▸ DATA SUPPLIED
★ ★ ★ ★ ★
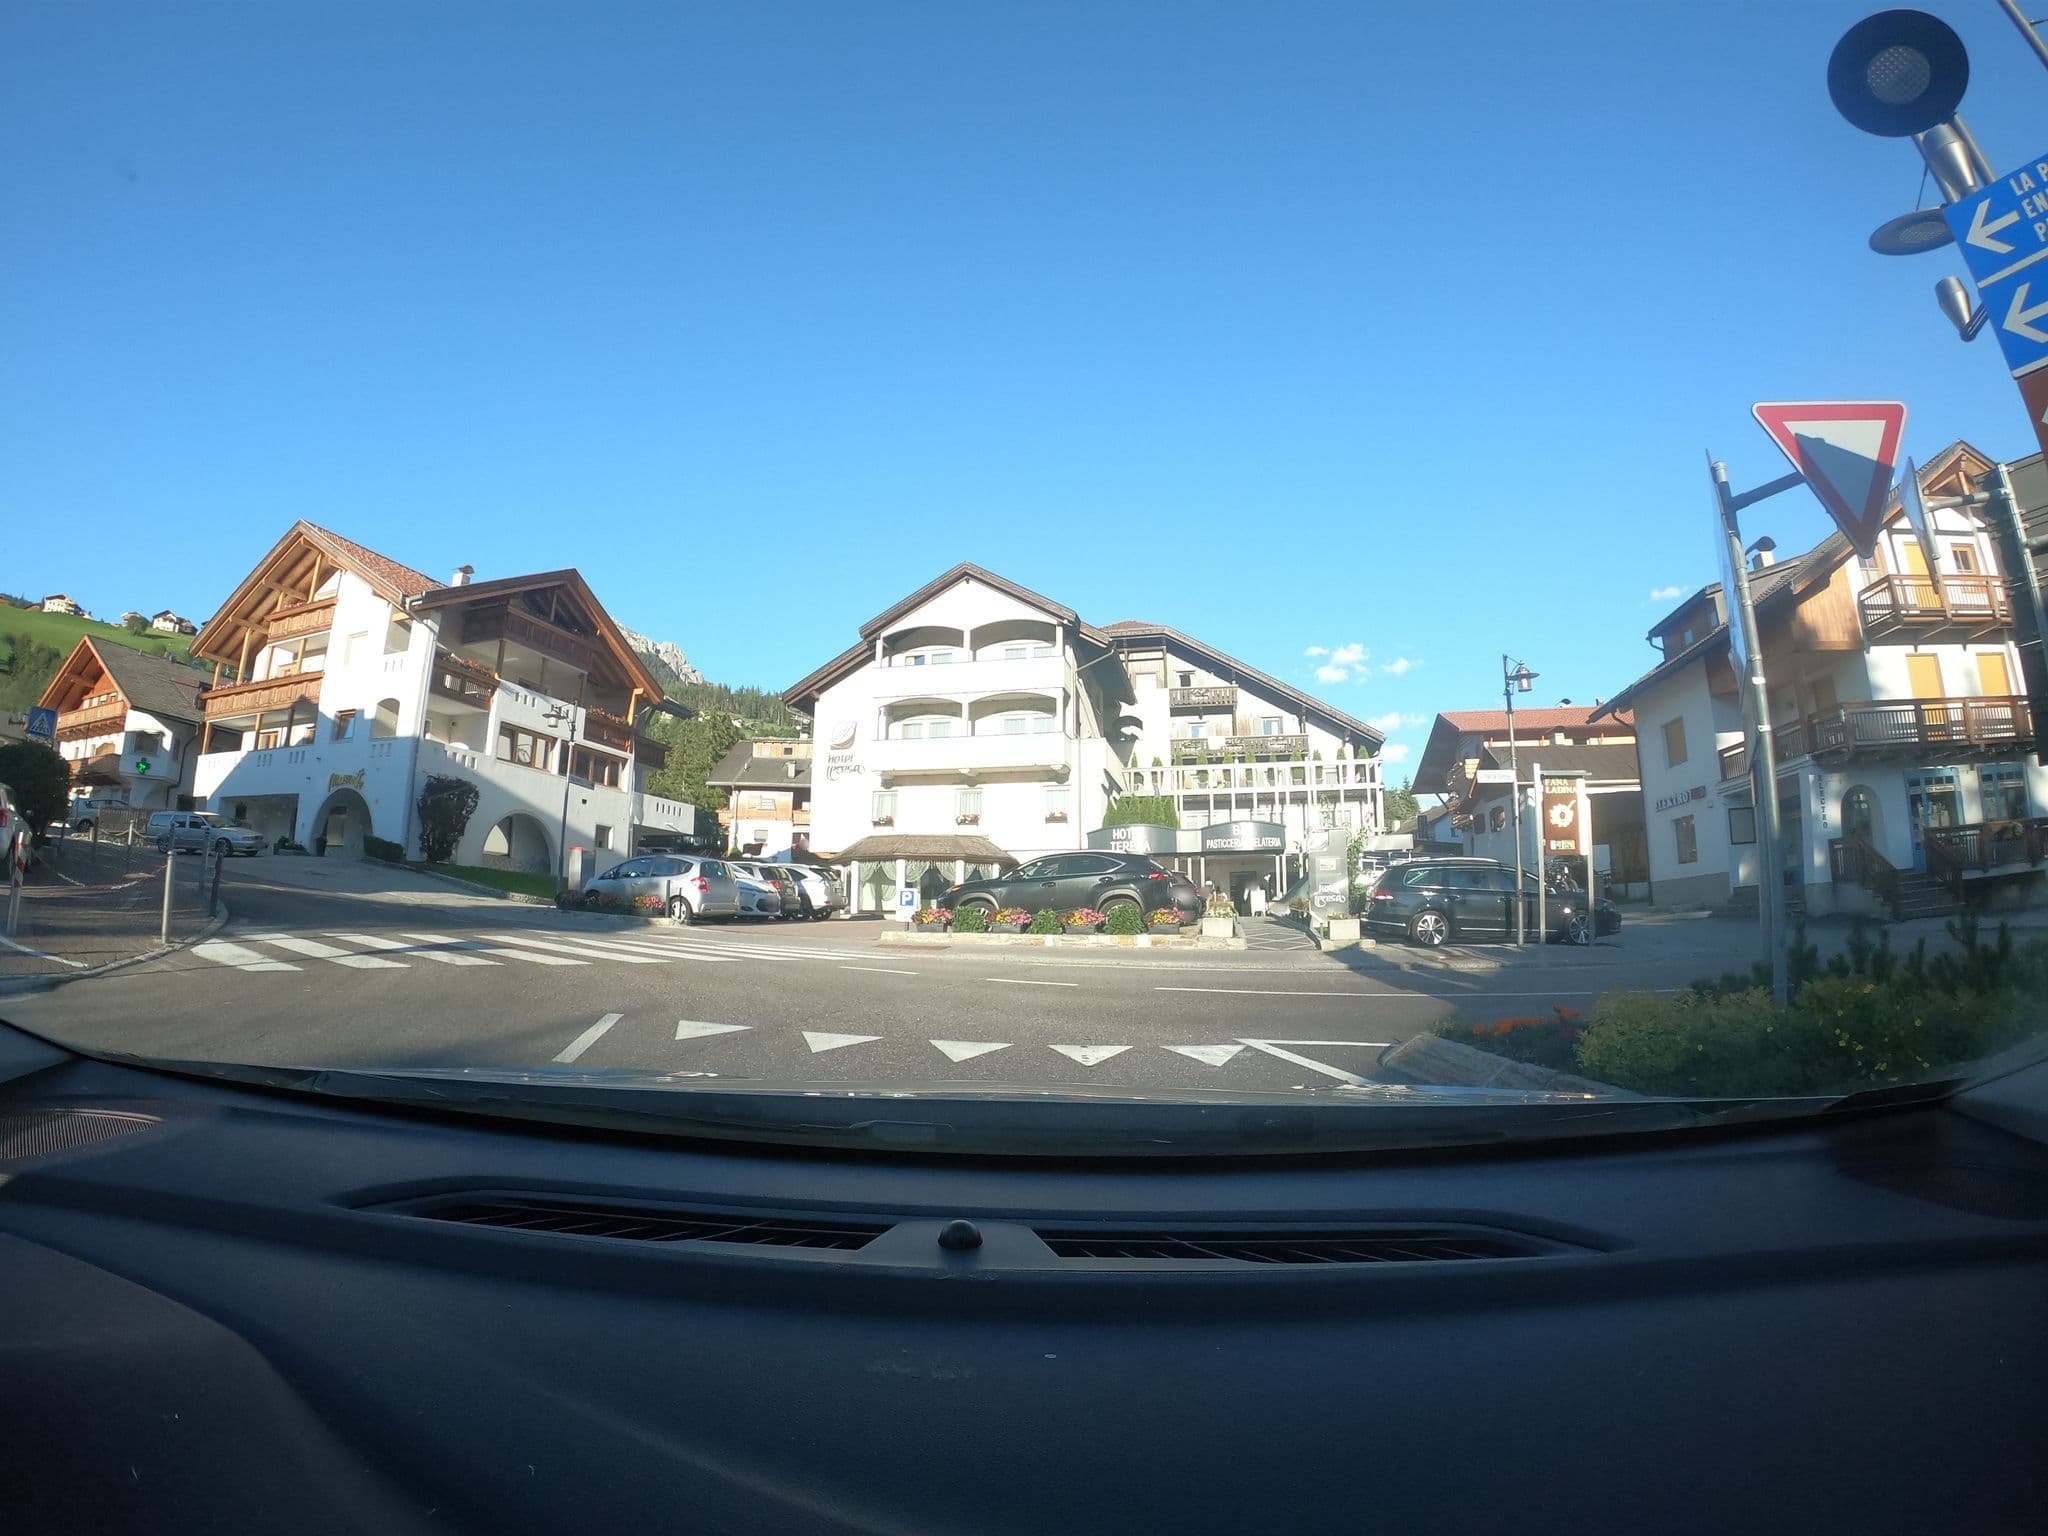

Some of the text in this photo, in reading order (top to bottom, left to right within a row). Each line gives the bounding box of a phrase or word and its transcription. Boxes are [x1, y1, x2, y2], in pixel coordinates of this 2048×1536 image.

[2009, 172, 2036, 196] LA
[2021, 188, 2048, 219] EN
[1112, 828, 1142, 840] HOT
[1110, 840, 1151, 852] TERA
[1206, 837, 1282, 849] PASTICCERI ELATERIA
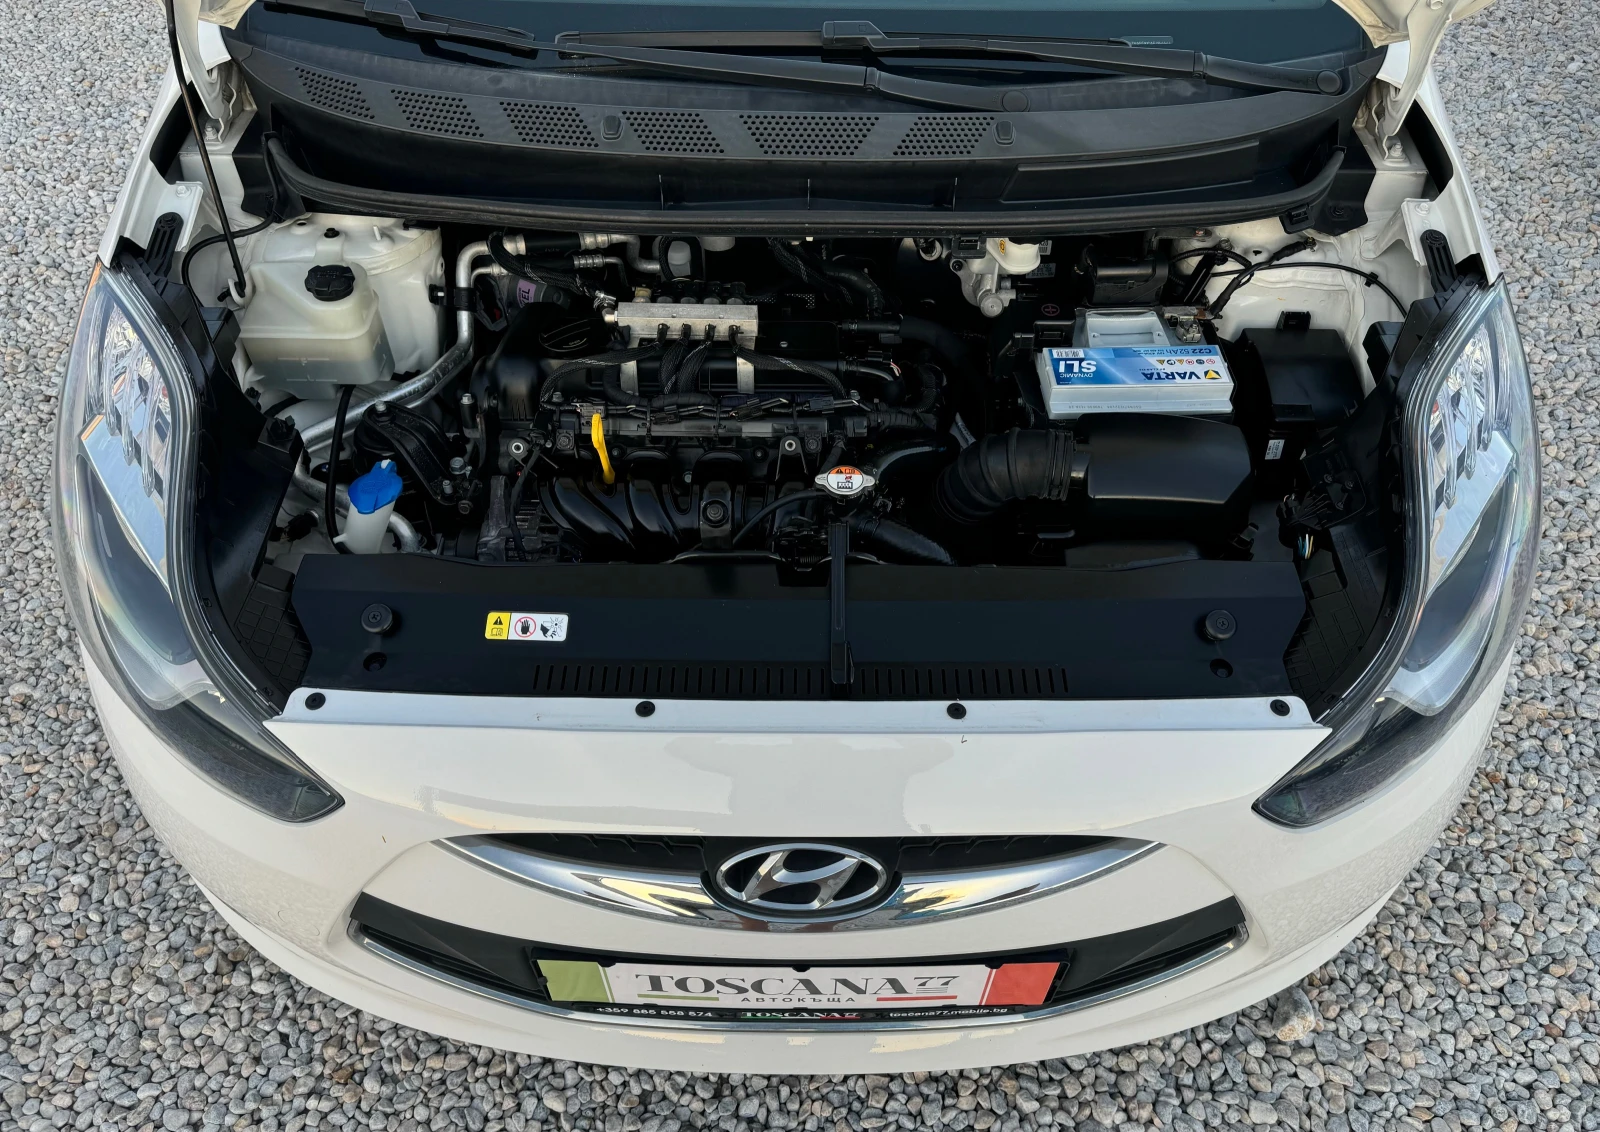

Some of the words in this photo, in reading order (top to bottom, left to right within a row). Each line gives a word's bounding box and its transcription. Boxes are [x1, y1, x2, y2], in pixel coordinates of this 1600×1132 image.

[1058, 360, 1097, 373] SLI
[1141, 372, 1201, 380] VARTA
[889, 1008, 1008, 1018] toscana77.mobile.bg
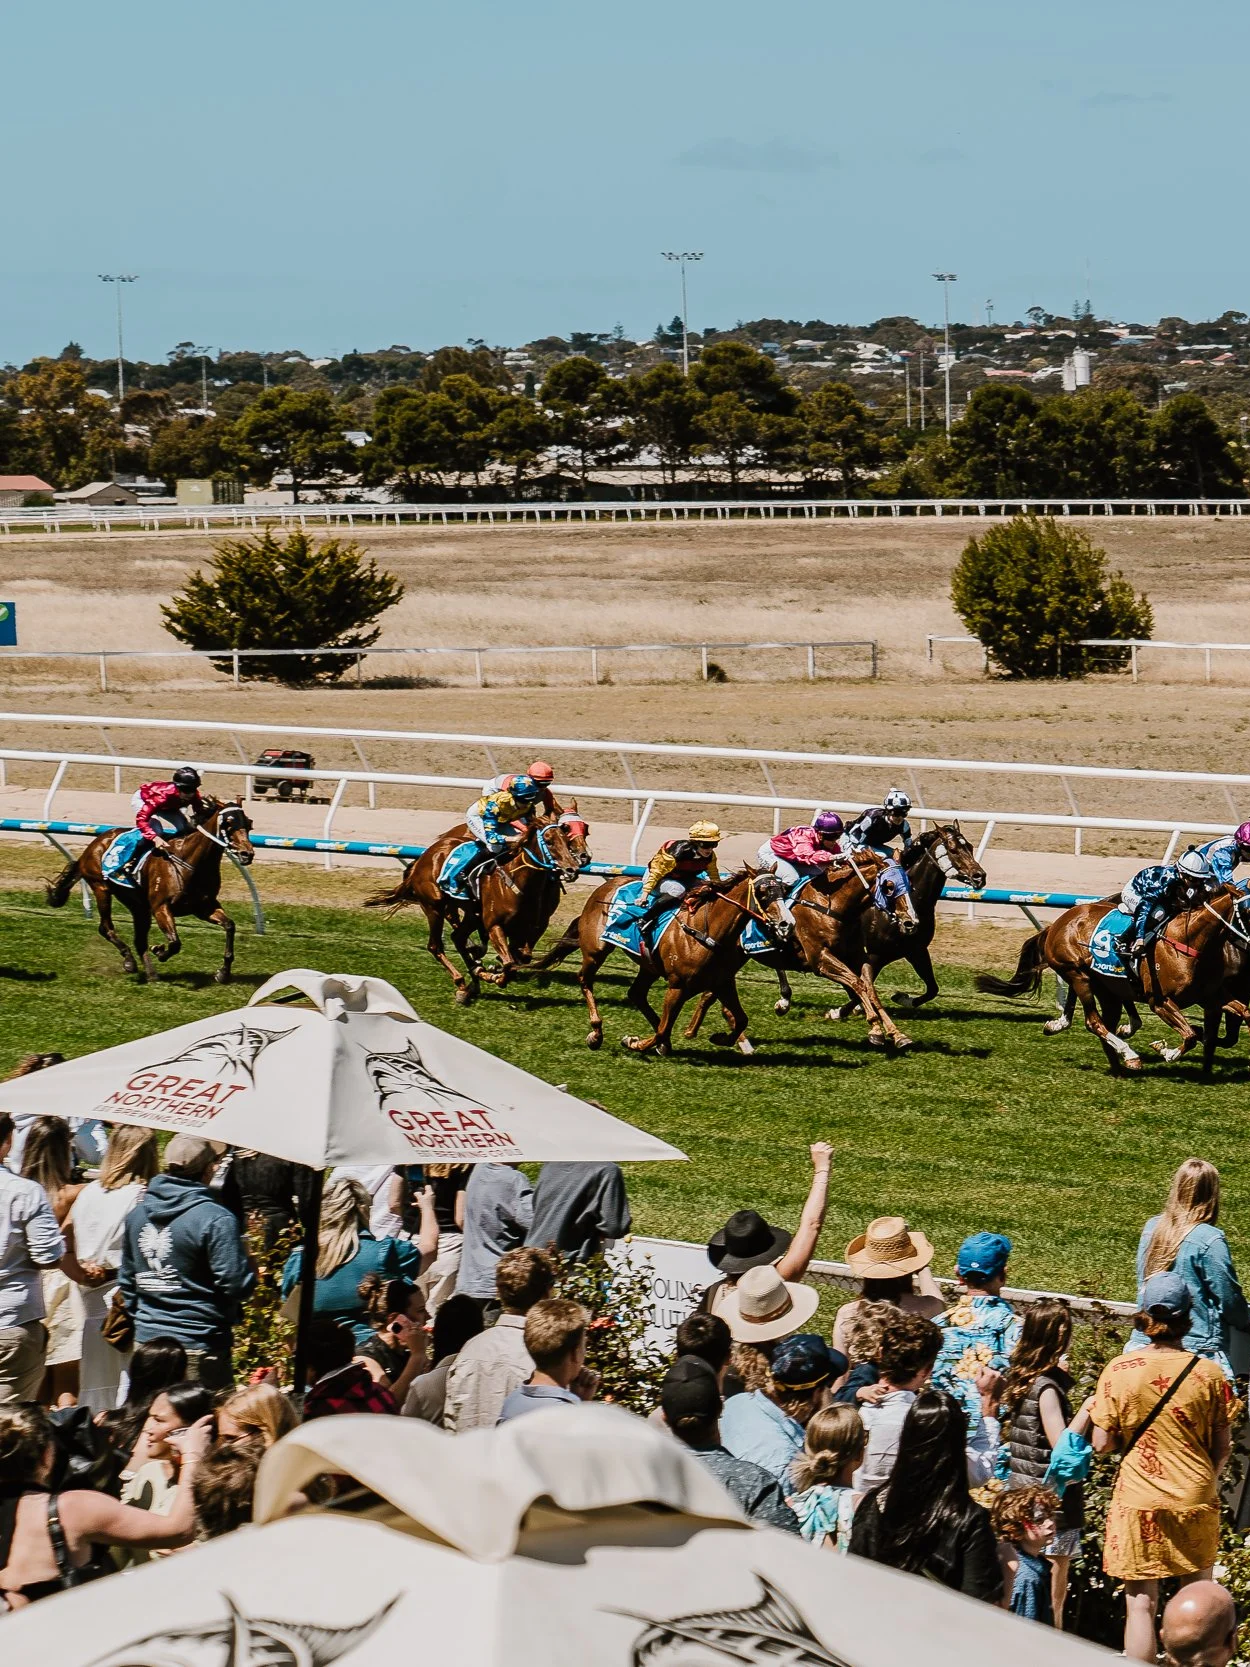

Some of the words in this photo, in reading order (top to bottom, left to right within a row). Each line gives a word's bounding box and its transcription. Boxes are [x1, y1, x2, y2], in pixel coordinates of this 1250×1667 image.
★ ★ ★ ★ ★
Except for the pictures, give the data again word for word.

Some of the text in this photo, in reading order (top to bottom, left to right within a row). Each line gives the bounding box of a phrase or word and its transcription. Boxes are [x1, y1, x2, y2], in pixel coordinates of this 2048×1536 image.

[2009, 172, 2036, 196] LA
[2021, 188, 2048, 219] EN
[1112, 828, 1142, 840] HOT
[1110, 840, 1151, 852] TERA
[1206, 837, 1282, 849] PASTICCERI ELATERIA

Some of the words in this photo, in reading order (top to bottom, left to right within a row). Each line gives a word's bounding box and its transcription. Boxes are [x1, y1, x2, y2], in pixel coordinates of this 1600×1132 image.

[1058, 360, 1097, 373] SLI
[1141, 372, 1201, 380] VARTA
[889, 1008, 1008, 1018] toscana77.mobile.bg

Some of the words in this photo, in reading order (top to bottom, left to right within a row). Each line gives a word's bounding box and its transcription. Boxes are [x1, y1, x2, y2], in pixel coordinates of this 1250×1667 image.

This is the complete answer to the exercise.